===== Data extract

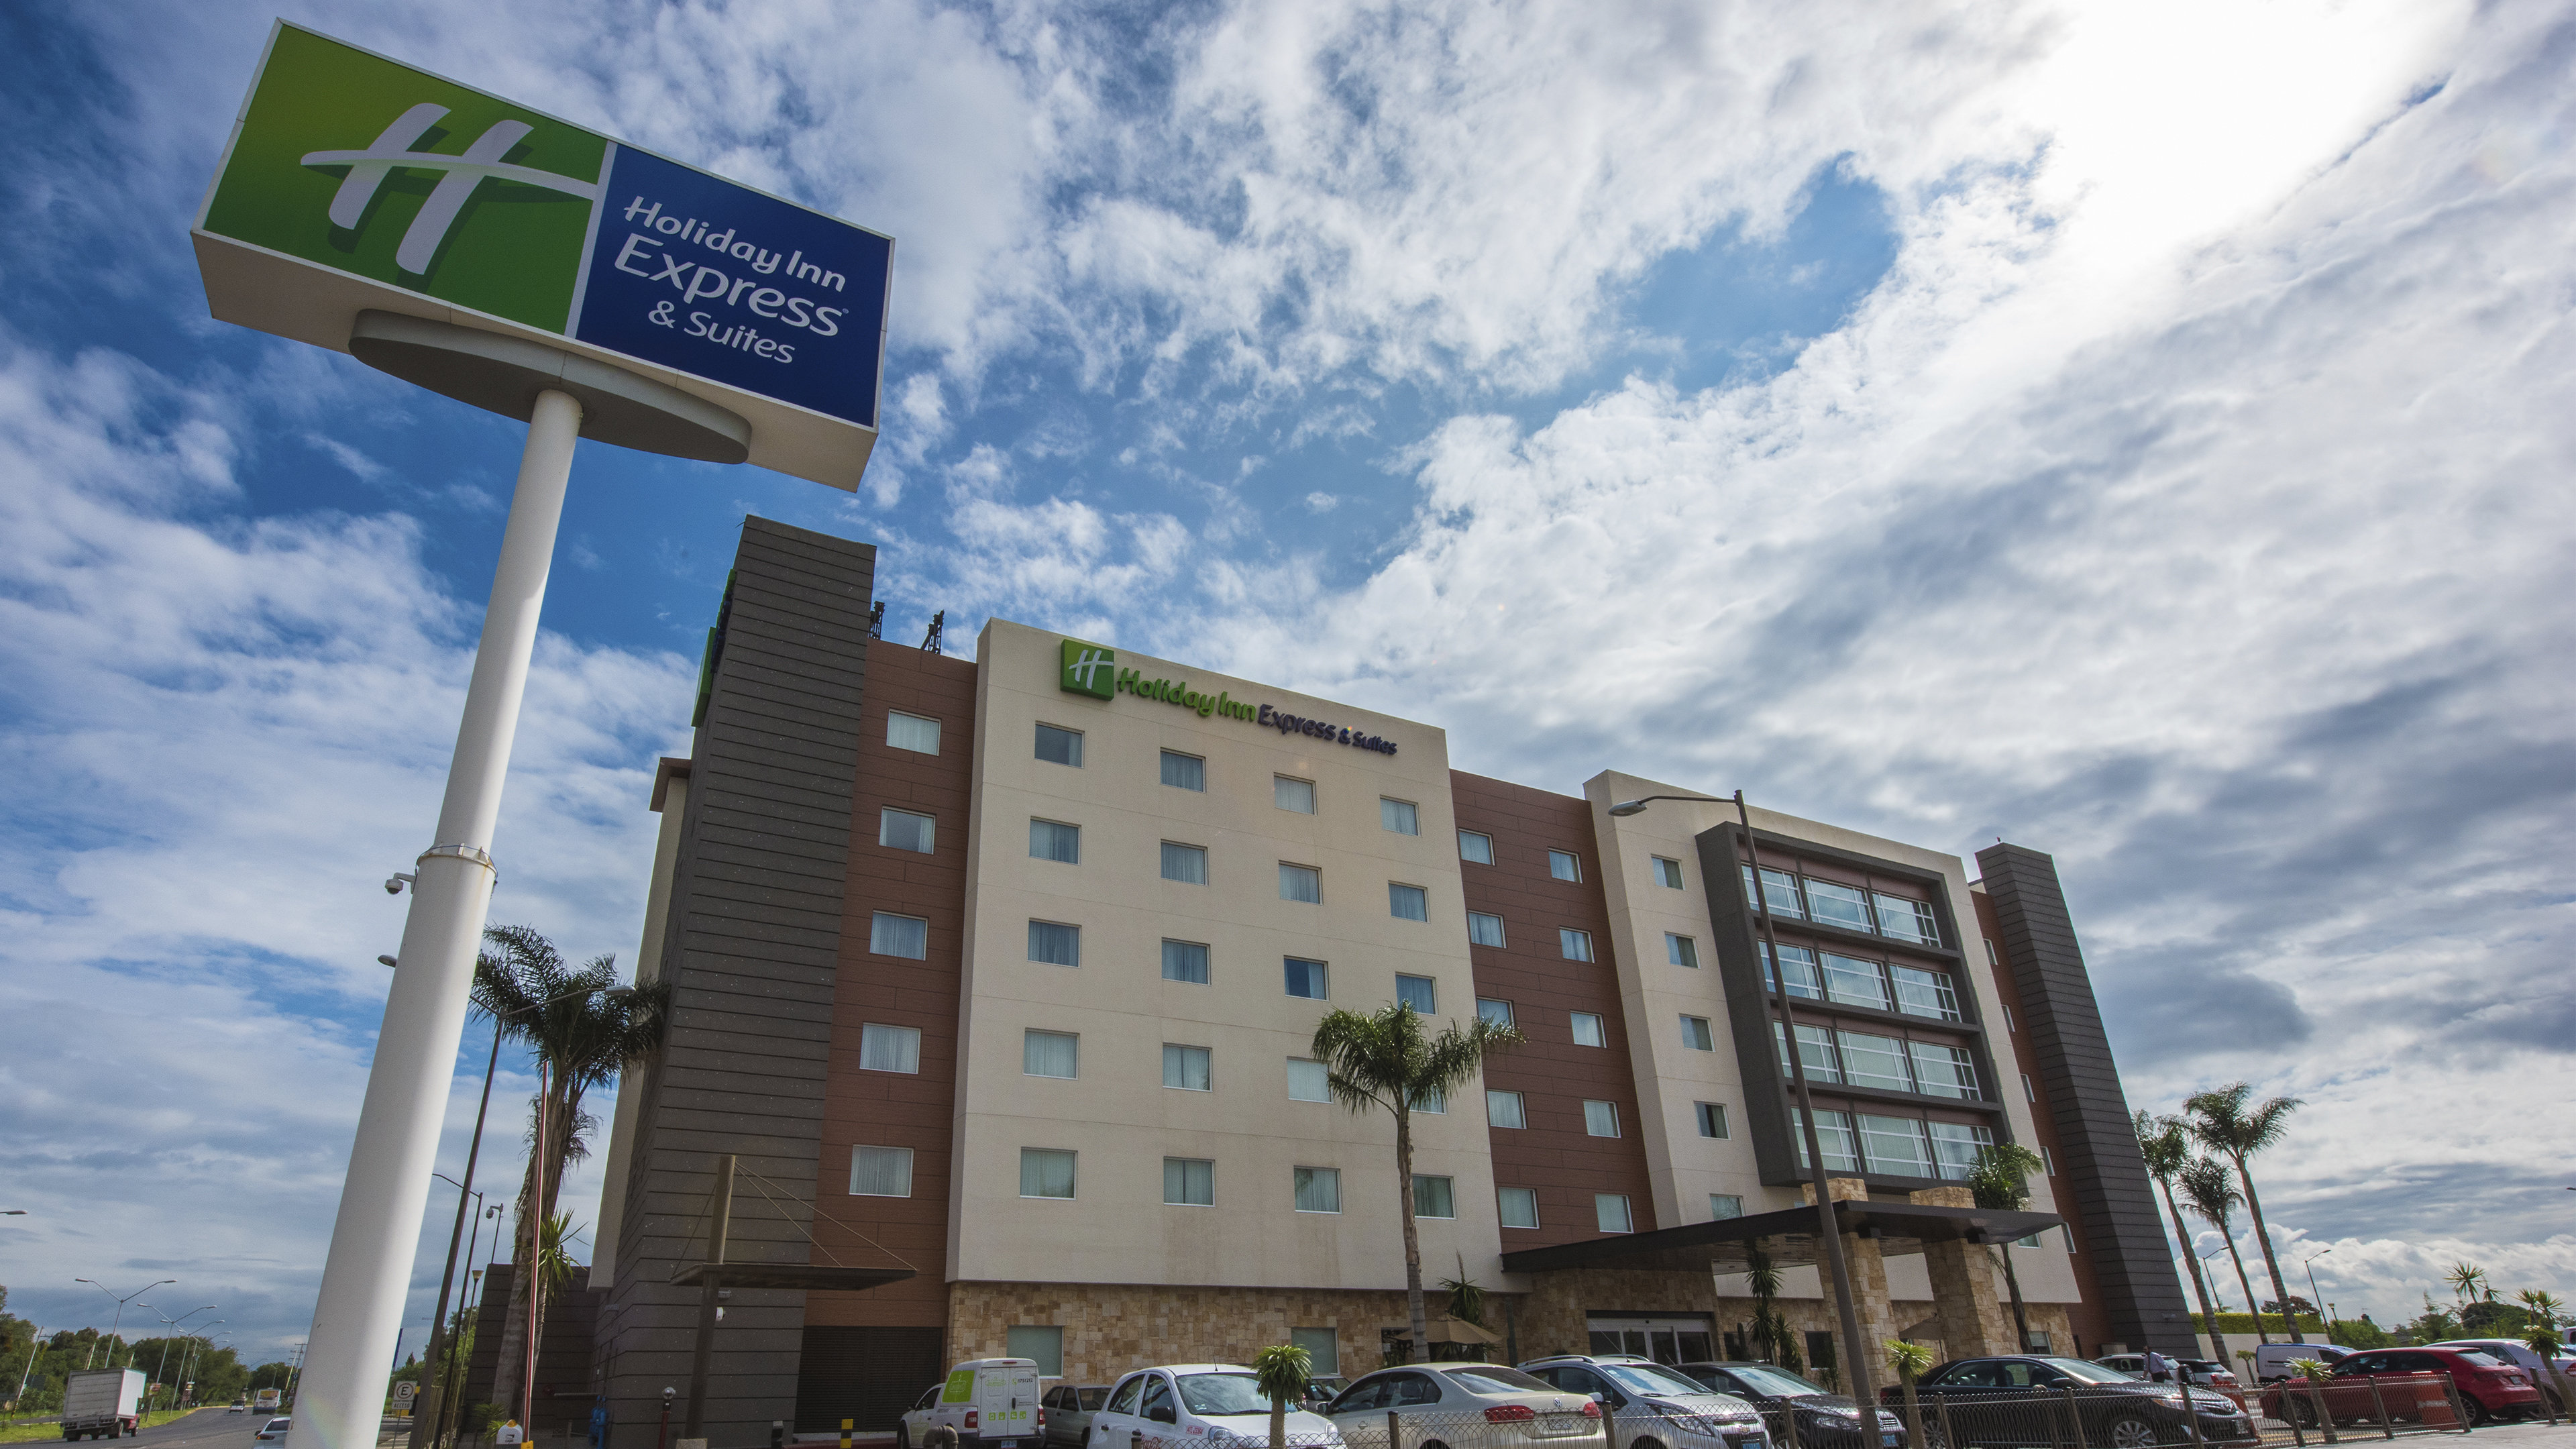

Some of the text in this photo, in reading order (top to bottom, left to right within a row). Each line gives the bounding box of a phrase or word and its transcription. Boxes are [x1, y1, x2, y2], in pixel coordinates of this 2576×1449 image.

[614, 233, 843, 336] Express
[624, 195, 846, 292] Holiday Inn
[648, 301, 796, 364] & Suites
[1117, 667, 1397, 755] Holiday Inn Express & Suites
[400, 1386, 409, 1396] E

==========

Exercise details: Each line above should be output exactly, apart from the pictures.

Result for this task:
Some of the text in this photo, in reading order (top to bottom, left to right within a row). Each line gives the bounding box of a phrase or word and its transcription. Boxes are [x1, y1, x2, y2], in pixel coordinates of this 2576×1449 image.

[614, 233, 843, 336] Express
[624, 195, 846, 292] Holiday Inn
[648, 301, 796, 364] & Suites
[1117, 667, 1397, 755] Holiday Inn Express & Suites
[400, 1386, 409, 1396] E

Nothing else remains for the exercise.